(Free-text object descriptions)
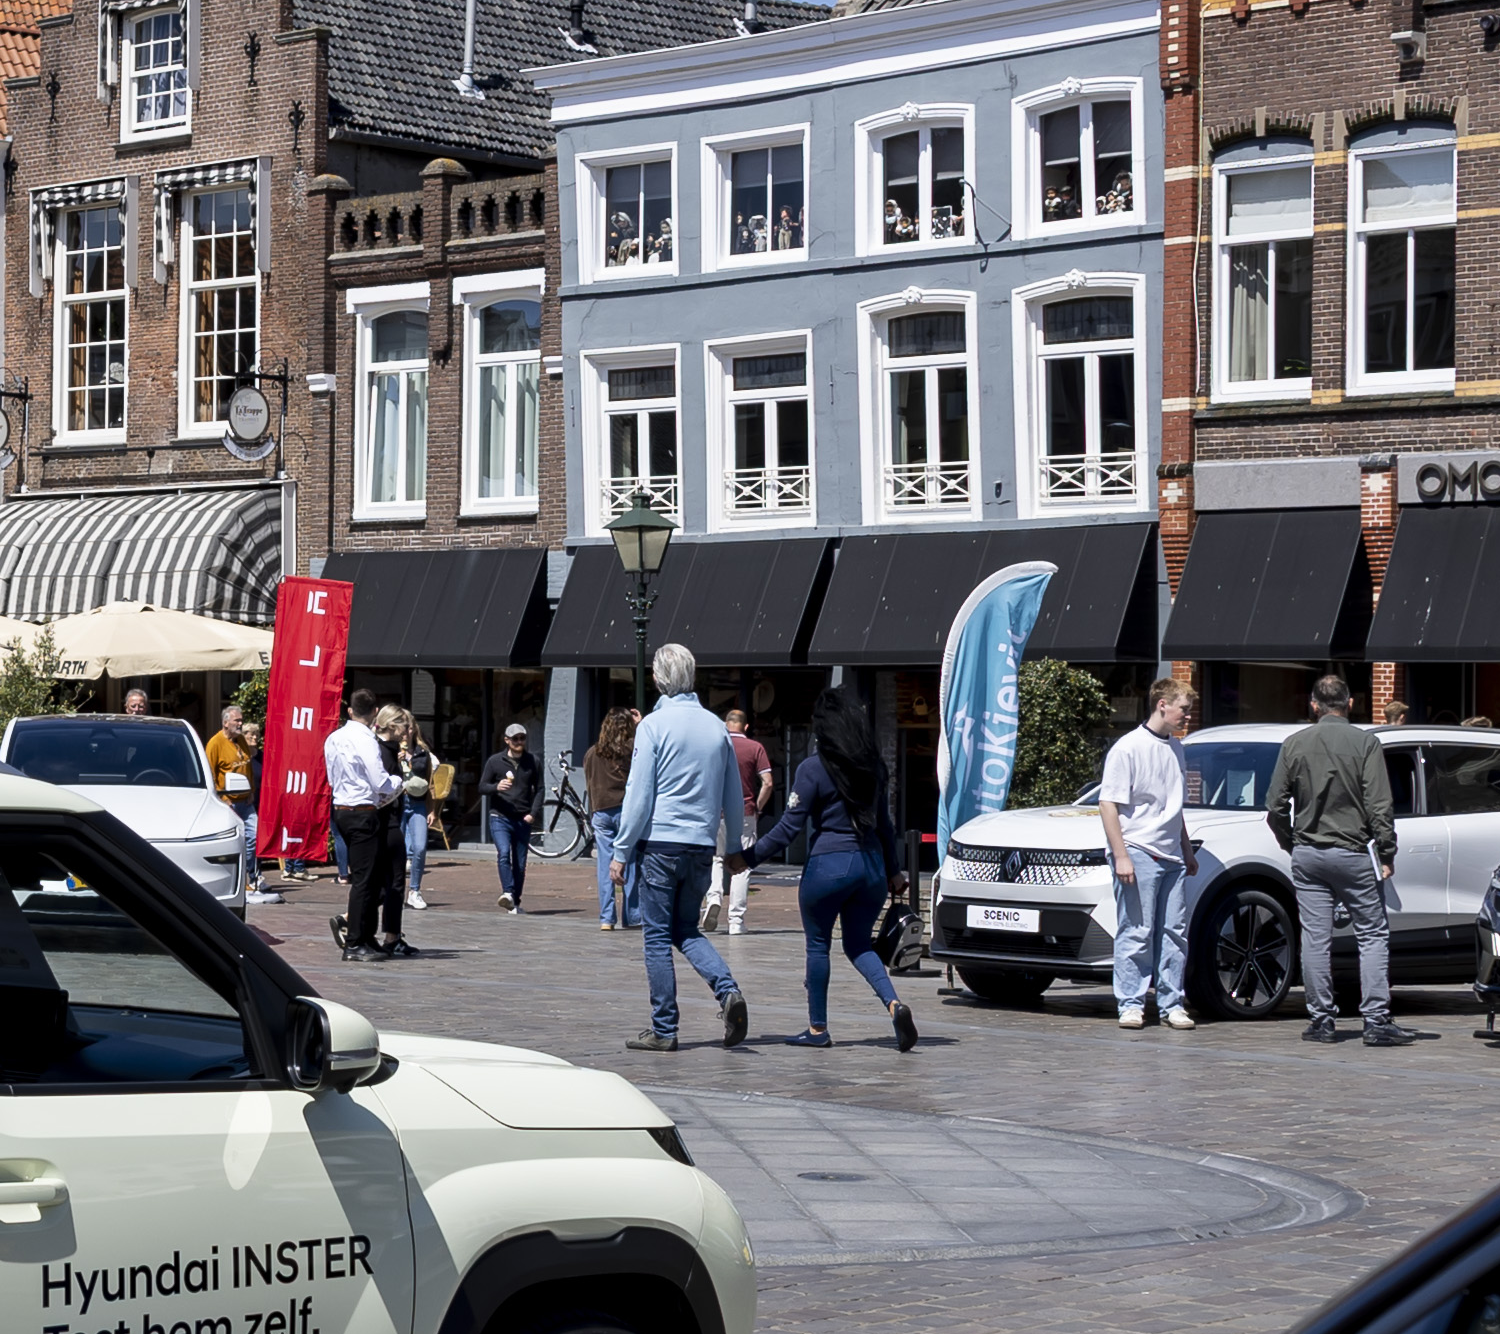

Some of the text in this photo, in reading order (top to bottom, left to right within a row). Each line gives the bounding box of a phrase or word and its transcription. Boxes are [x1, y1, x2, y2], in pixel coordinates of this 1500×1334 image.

[282, 591, 328, 851] TESLA
[984, 909, 1020, 922] SCENIC
[42, 1235, 375, 1316] Hyundai INSTER
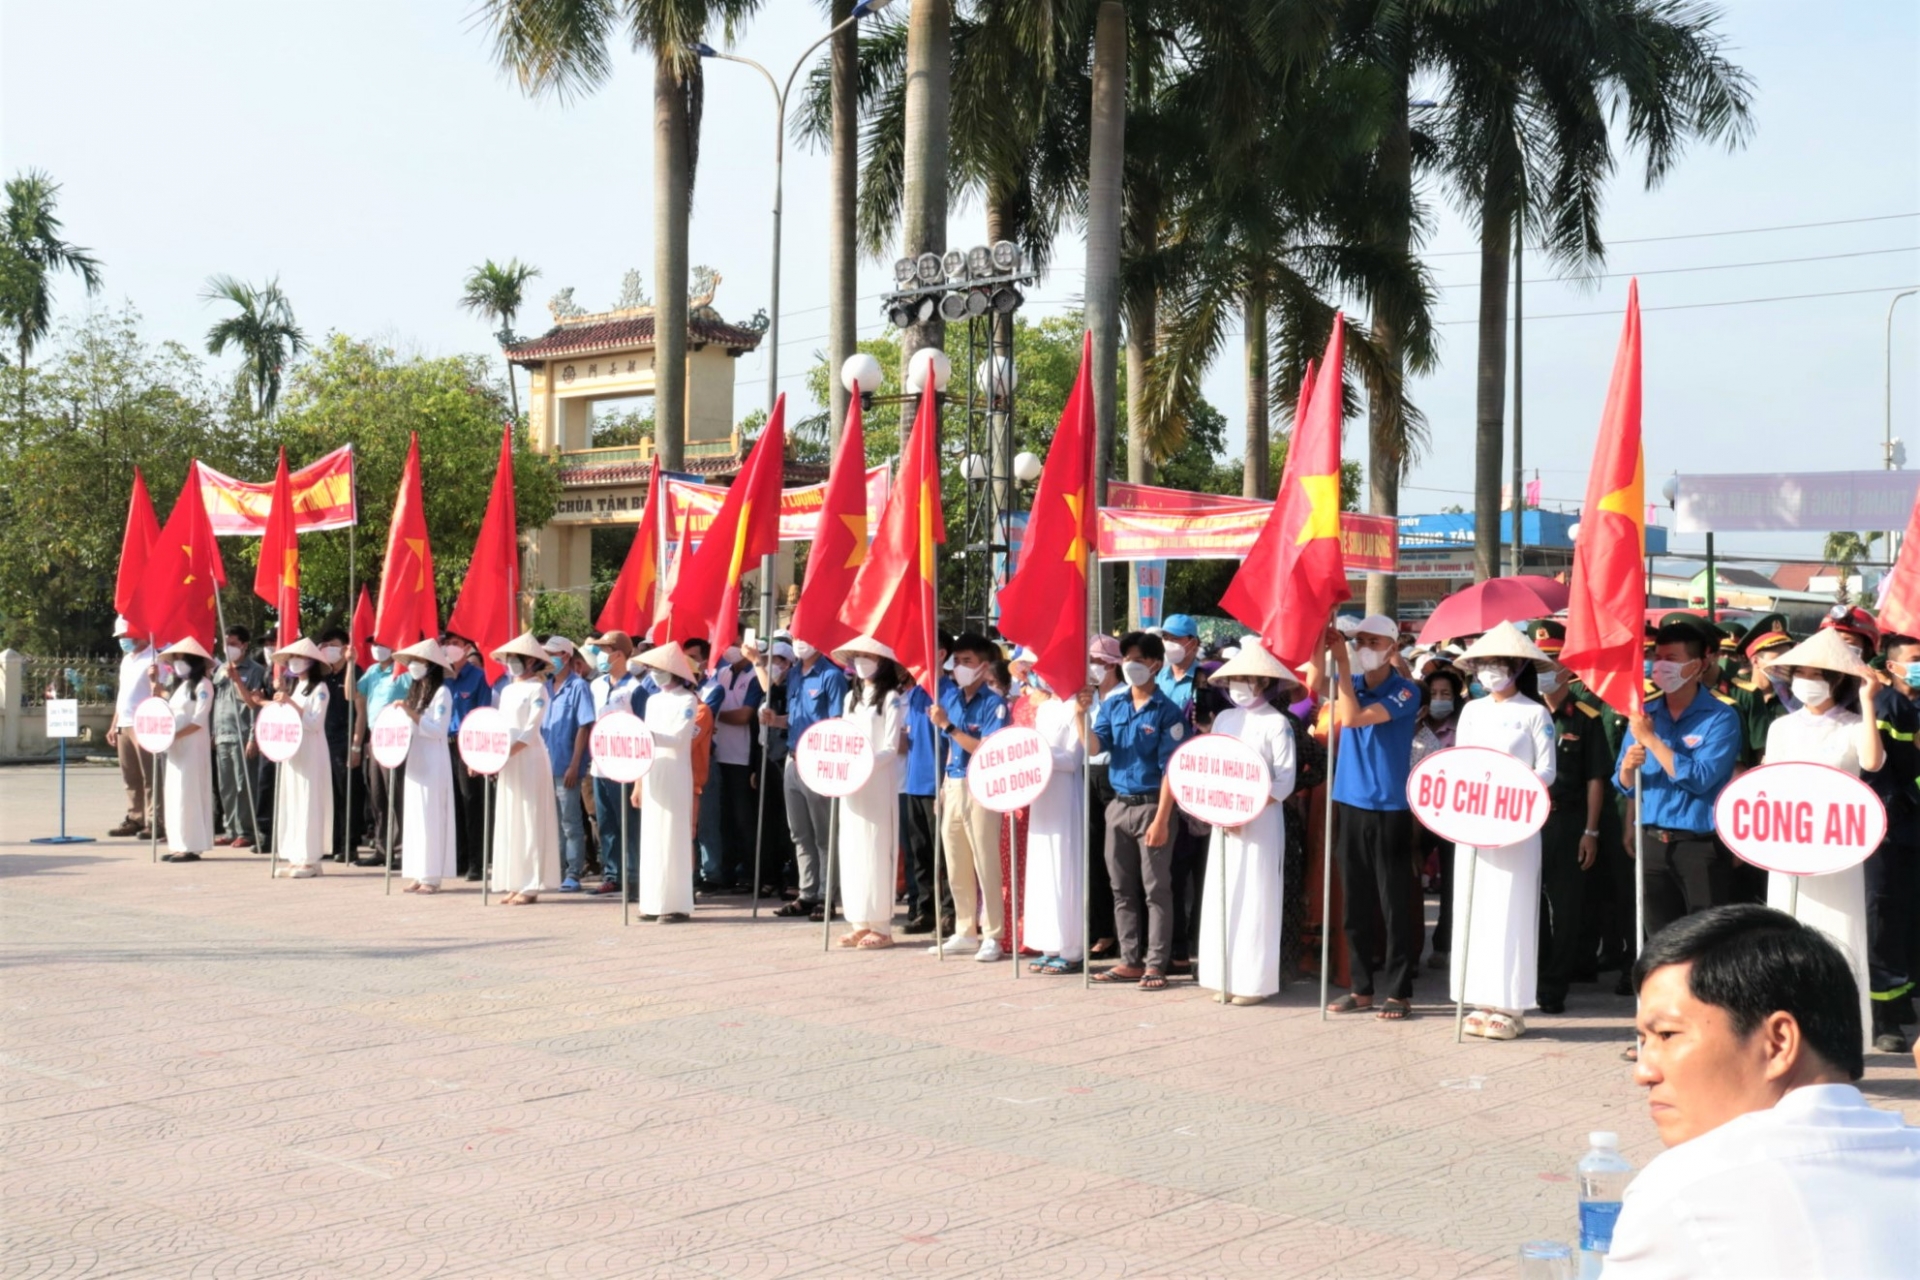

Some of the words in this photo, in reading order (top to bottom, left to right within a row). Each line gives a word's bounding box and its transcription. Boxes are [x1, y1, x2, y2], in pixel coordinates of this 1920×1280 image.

[EXERCISE DESCRIPTION]
With the images removed, give back every entry exactly as shown.

[SOLUTION TO THE PROBLEM]
Some of the text in this photo, in reading order (top to bottom, left to right within a row). Each line gives the bounding box of a phrase or word and its transcription. Boxes are [x1, y1, x2, y2], in pixel coordinates of this 1500×1334 image.

[282, 591, 328, 851] TESLA
[984, 909, 1020, 922] SCENIC
[42, 1235, 375, 1316] Hyundai INSTER

Some of the words in this photo, in reading order (top to bottom, left to right within a row). Each line gives a word's bounding box and its transcription. Boxes are [x1, y1, x2, y2], in pixel coordinates of this 1920×1280 image.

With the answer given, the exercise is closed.